Urzędnicy pochwalili się "nie lada atrakcją" dla dzieci. Internauci: Bareja wiecznie żywy
Jak spędzić ferie zimowe w mieście? Urzędnicy z Bytomia postanowili na "śnieżne szaleństwo" w centrum miasta. Chodzi o górkę do zjeżdżania, z której śmieje się cała Polska.
11.01.2017 | aktual.: 11.01.2017 07:22
Kilka dni temu urzędnicy z Bytomia pochwalili się śnieżną górką, którą przygotowali dla najmłodszych.

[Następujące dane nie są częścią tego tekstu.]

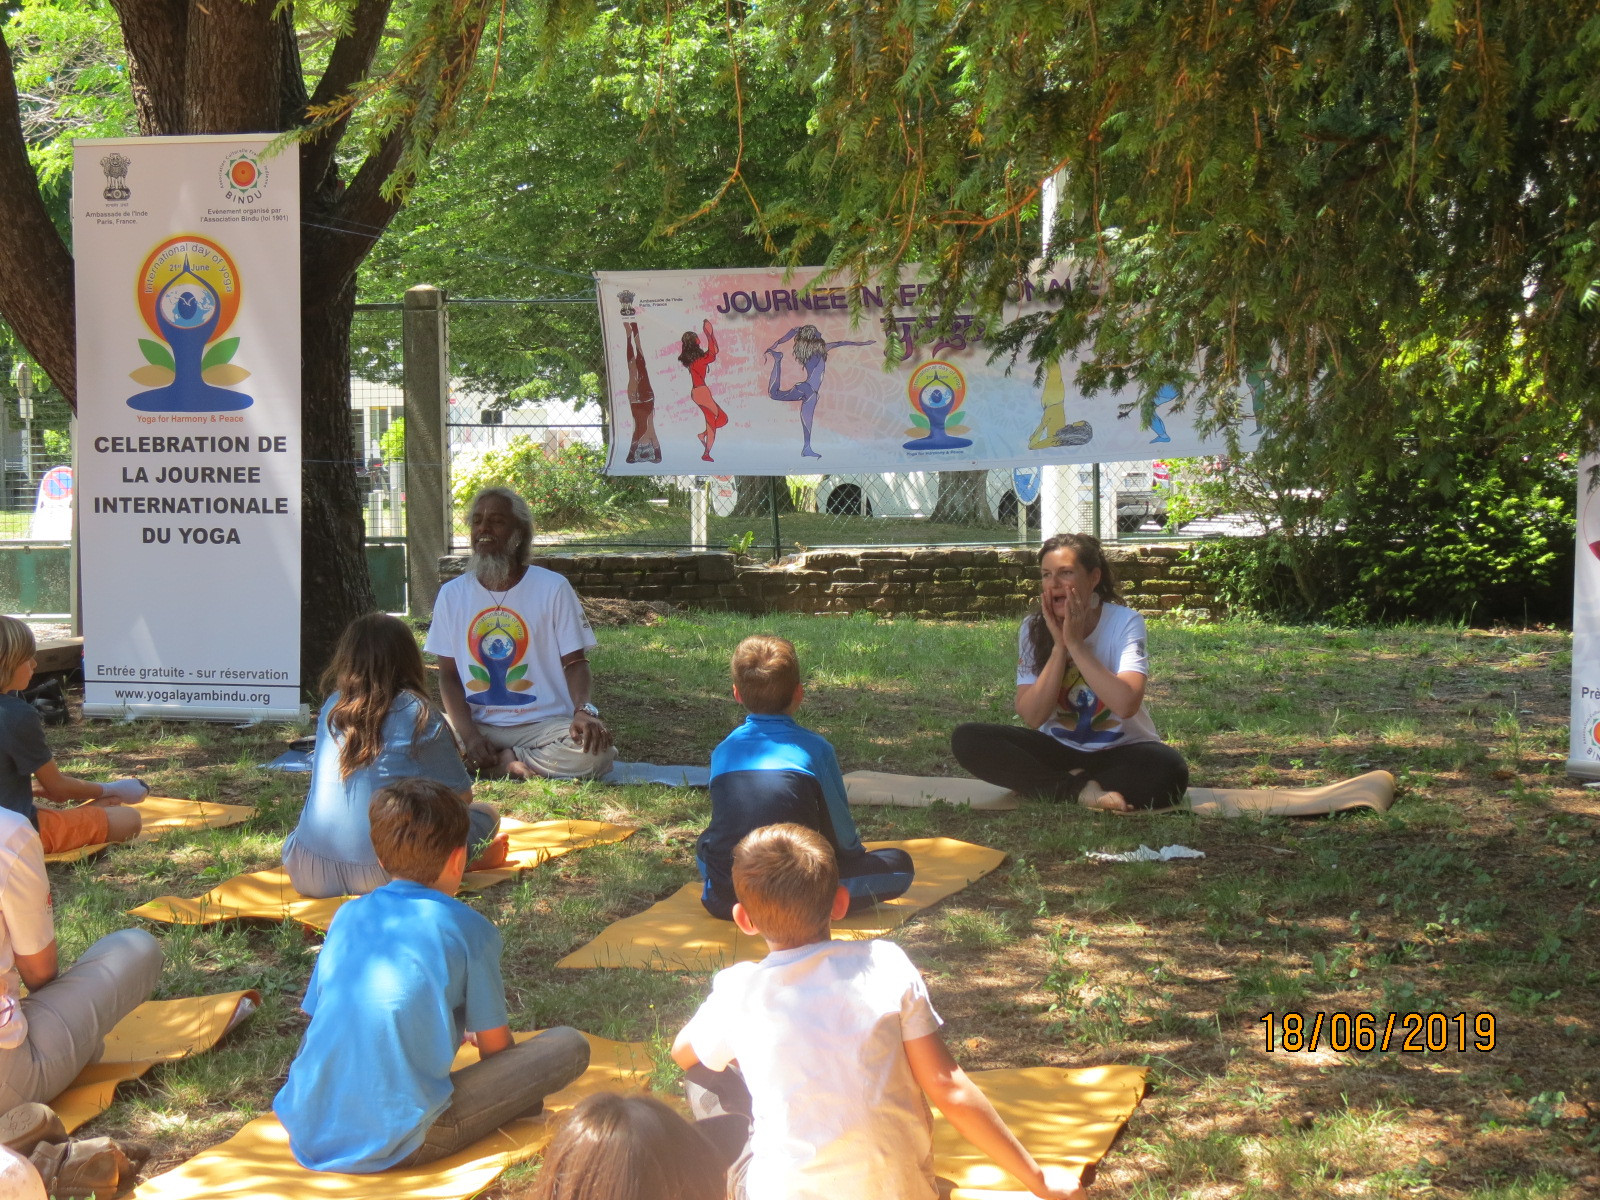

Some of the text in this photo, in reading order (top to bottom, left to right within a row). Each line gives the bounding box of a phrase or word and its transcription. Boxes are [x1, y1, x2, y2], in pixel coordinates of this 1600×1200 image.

[225, 190, 262, 204] BINDU
[243, 207, 270, 215] organisé
[96, 218, 115, 226] Paris,
[144, 243, 232, 294] International day of yoga
[191, 264, 210, 272] June
[716, 286, 849, 314] JOURNEE
[136, 414, 244, 425] Yoga for Harmony & Peace
[94, 436, 287, 453] CELEBRATION DE
[122, 466, 261, 483] LA JOURNEE
[94, 497, 289, 514] INTERNATIONALE
[142, 527, 241, 545] DU YOGA
[97, 664, 136, 677] Entrée
[139, 666, 185, 680] gratuite
[196, 669, 217, 679] sur
[219, 668, 289, 681] réservation
[115, 689, 271, 705] www.yogalayambindu.org

Na stronie internetowej miasta czytamy wręcz o "nie lada atrakcji", którą przygotowała zastępca dyrektora MZZiGK Krystyna Ostrowska.
"W centrum naszego miasta brakuje miejsc gdzie młodzi adepci śnieżnych szaleństw mogli by pozjeżdżać. Dlatego wszystkich na pewno ucieszy, że w samym sercu miasta, na Rynku stanęła śnieżna górka, z której można pozjeżdżać na sankach czy popularnych jabłuszkach czyli ślizgaczach. Zachęcamy wszystkie dzieci do bezpiecznej zabawy!" - czytamy dalej.
Gdy internet "dostrzegł" tę atrakcję, od razu pojawiły się zarzuty o "bareizm". Górka to bowiem nic innego, niż uprzątnięty z Rynku śnieg. Jej wysokość sprawia, że zjeżdżanie z niej może sprawiać radość chyba tylko najmłodszym dzieciom, bo rozpędzić z niej się trudno.